### Exercise
Exact copy, pictures excluded: please retype every record below.

### Exercise inputs
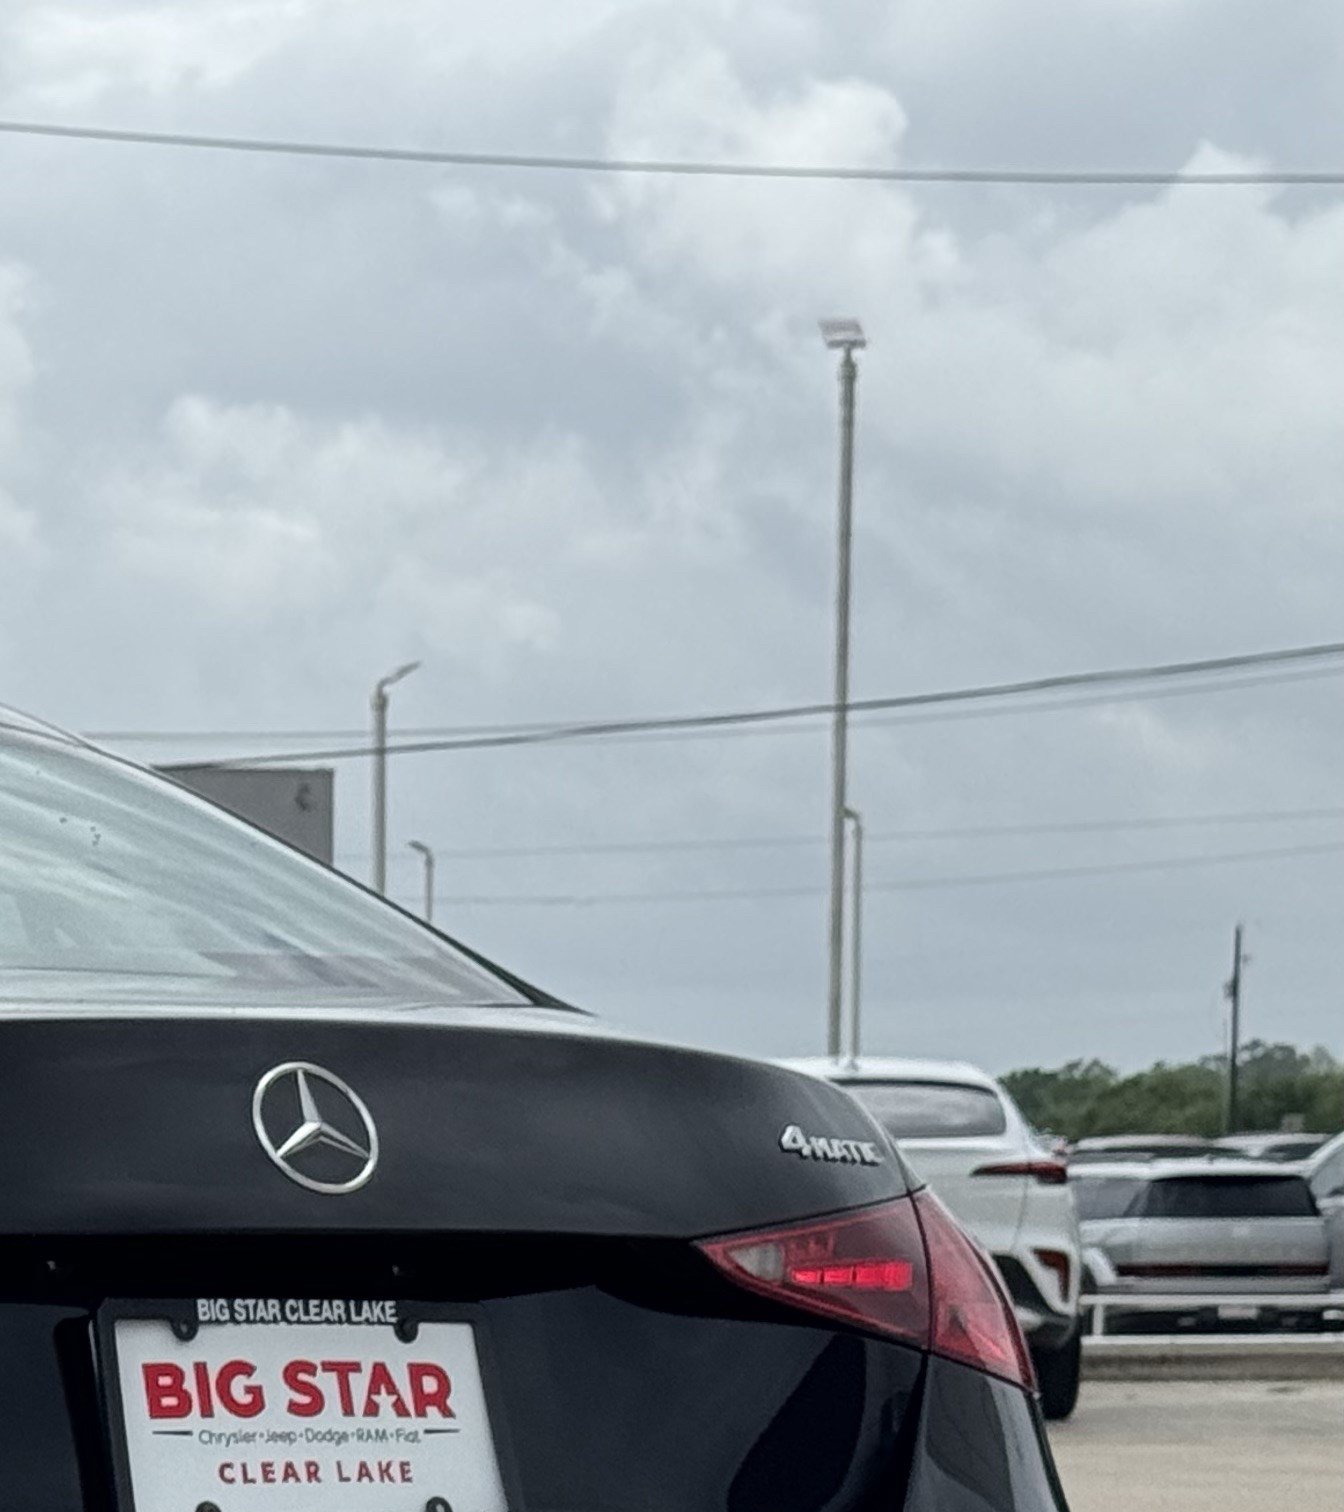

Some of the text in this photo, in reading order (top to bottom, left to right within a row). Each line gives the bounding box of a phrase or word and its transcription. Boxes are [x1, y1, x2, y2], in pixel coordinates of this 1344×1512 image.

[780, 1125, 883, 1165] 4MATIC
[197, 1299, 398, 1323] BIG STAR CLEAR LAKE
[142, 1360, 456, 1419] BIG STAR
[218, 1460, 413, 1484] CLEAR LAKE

### Result of the task
Some of the text in this photo, in reading order (top to bottom, left to right within a row). Each line gives the bounding box of a phrase or word and its transcription. Boxes are [x1, y1, x2, y2], in pixel coordinates of this 1344×1512 image.

[780, 1125, 883, 1165] 4MATIC
[197, 1299, 398, 1323] BIG STAR CLEAR LAKE
[142, 1360, 456, 1419] BIG STAR
[218, 1460, 413, 1484] CLEAR LAKE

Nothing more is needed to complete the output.